**Task instructions**
For this task, copy all of the data below exactly and skip the pictures.

**Image-backed grounding data**
________

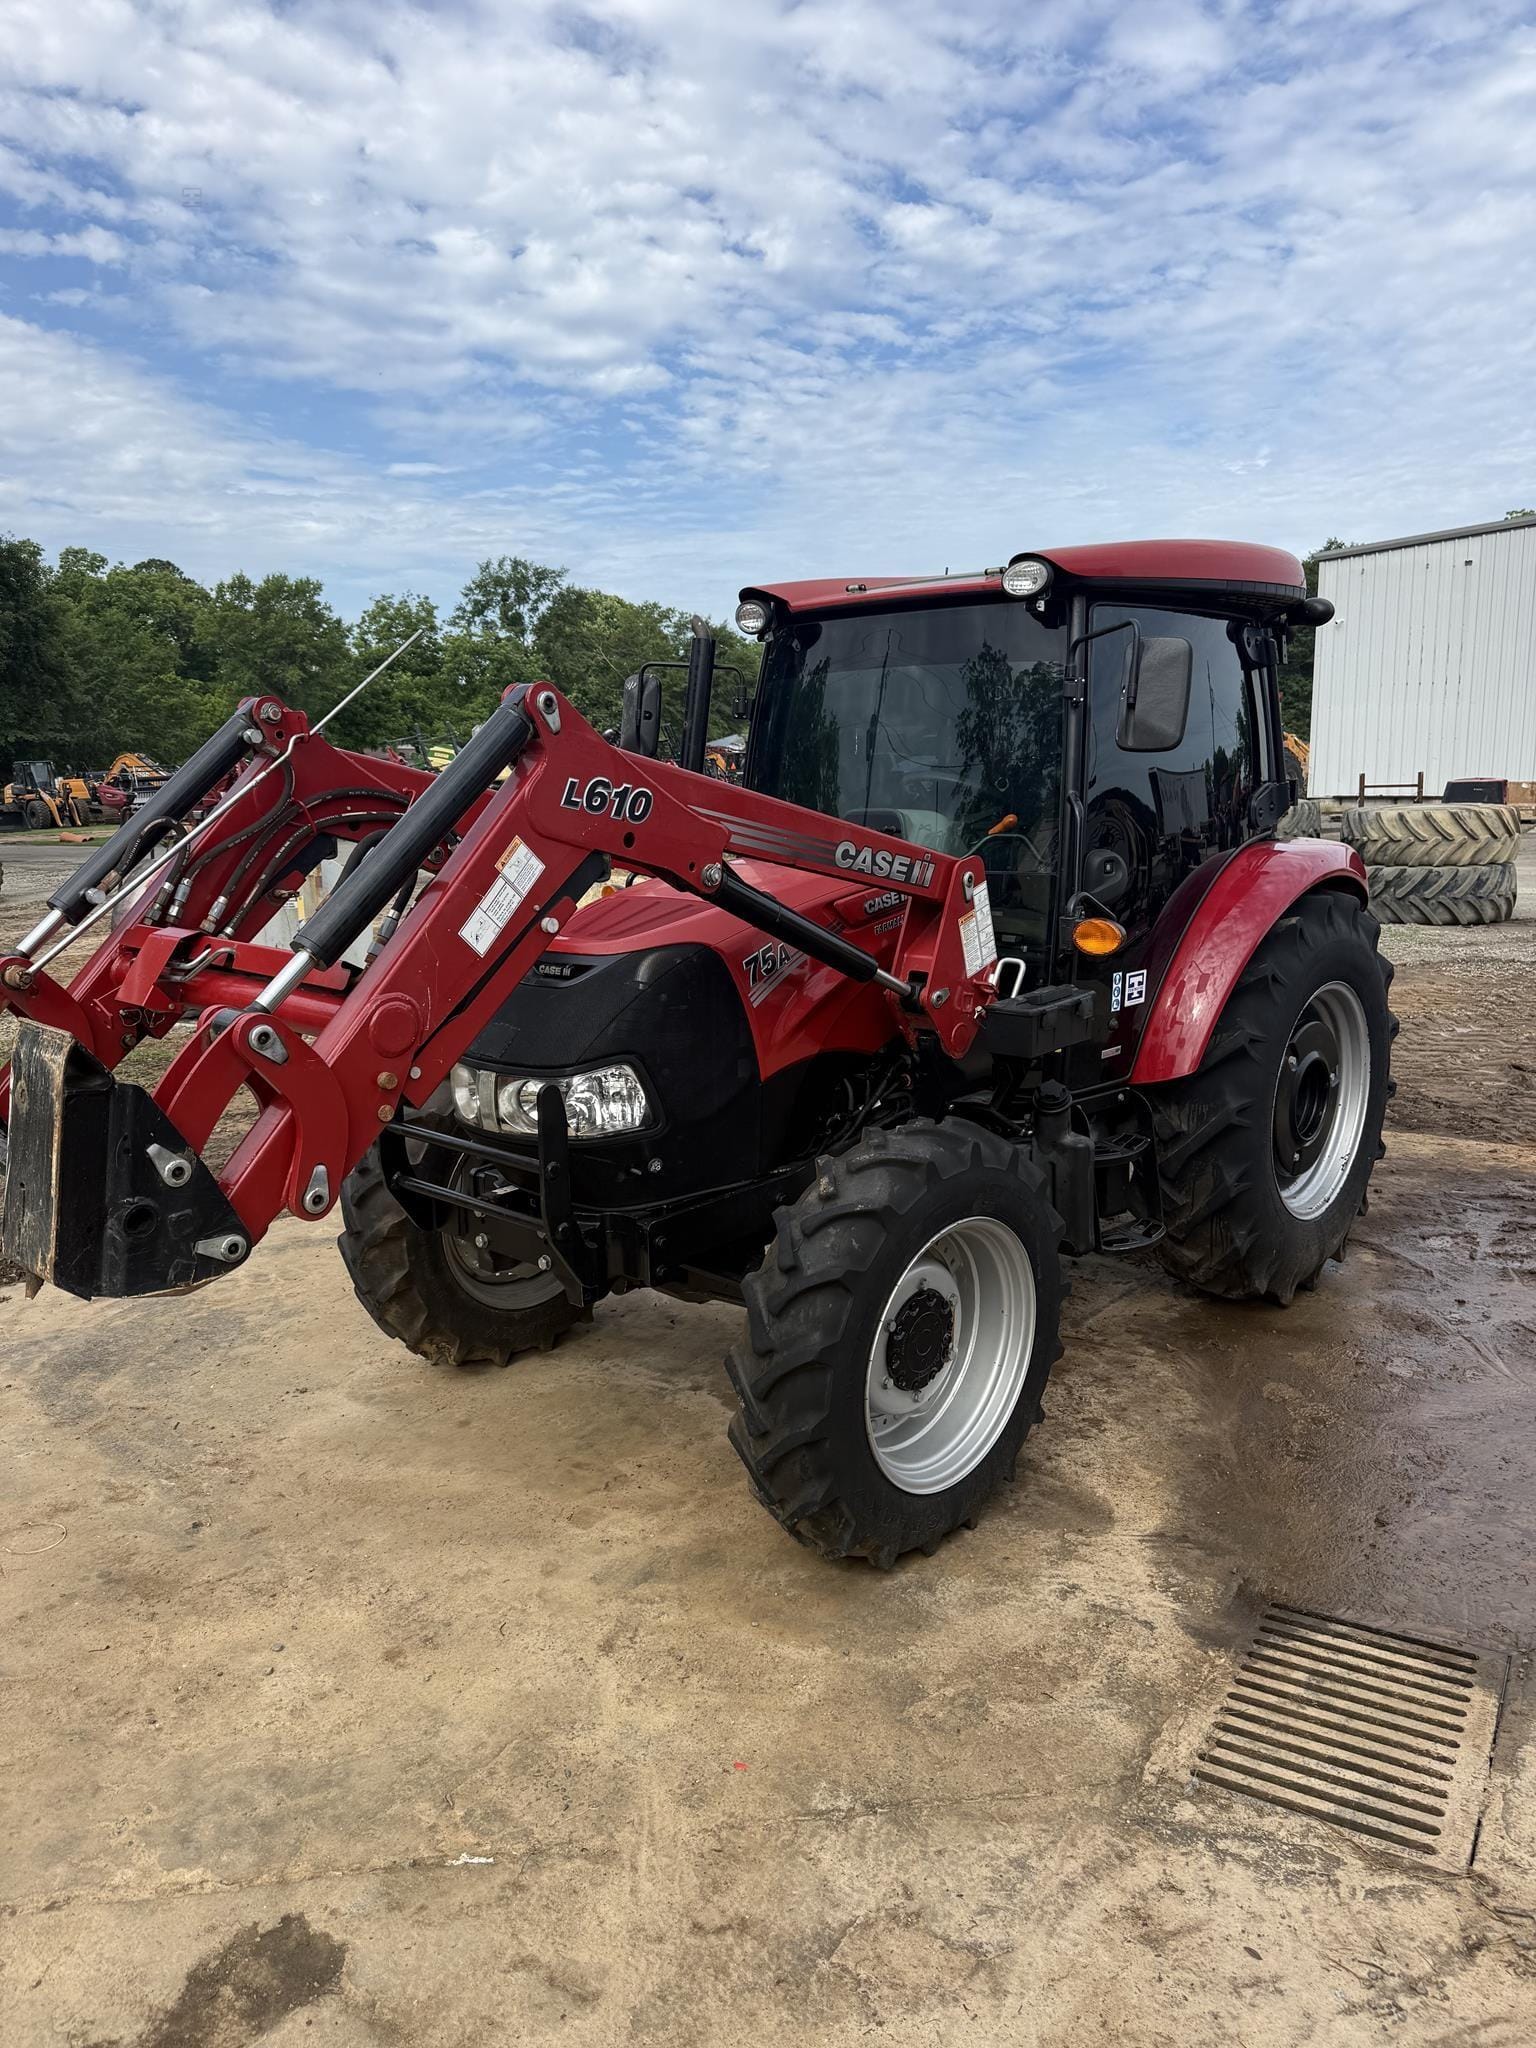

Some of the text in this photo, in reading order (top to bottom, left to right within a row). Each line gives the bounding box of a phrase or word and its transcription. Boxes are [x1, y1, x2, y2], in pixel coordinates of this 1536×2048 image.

[560, 776, 654, 824] L610
[835, 841, 911, 881] CASE
[864, 891, 900, 914] CASE
[539, 964, 561, 976] CASE
[742, 941, 793, 988] 75A

________

**Answer below**
Some of the text in this photo, in reading order (top to bottom, left to right within a row). Each line gives the bounding box of a phrase or word and its transcription. Boxes are [x1, y1, x2, y2], in pixel coordinates of this 1536×2048 image.

[560, 776, 654, 824] L610
[835, 841, 911, 881] CASE
[864, 891, 900, 914] CASE
[539, 964, 561, 976] CASE
[742, 941, 793, 988] 75A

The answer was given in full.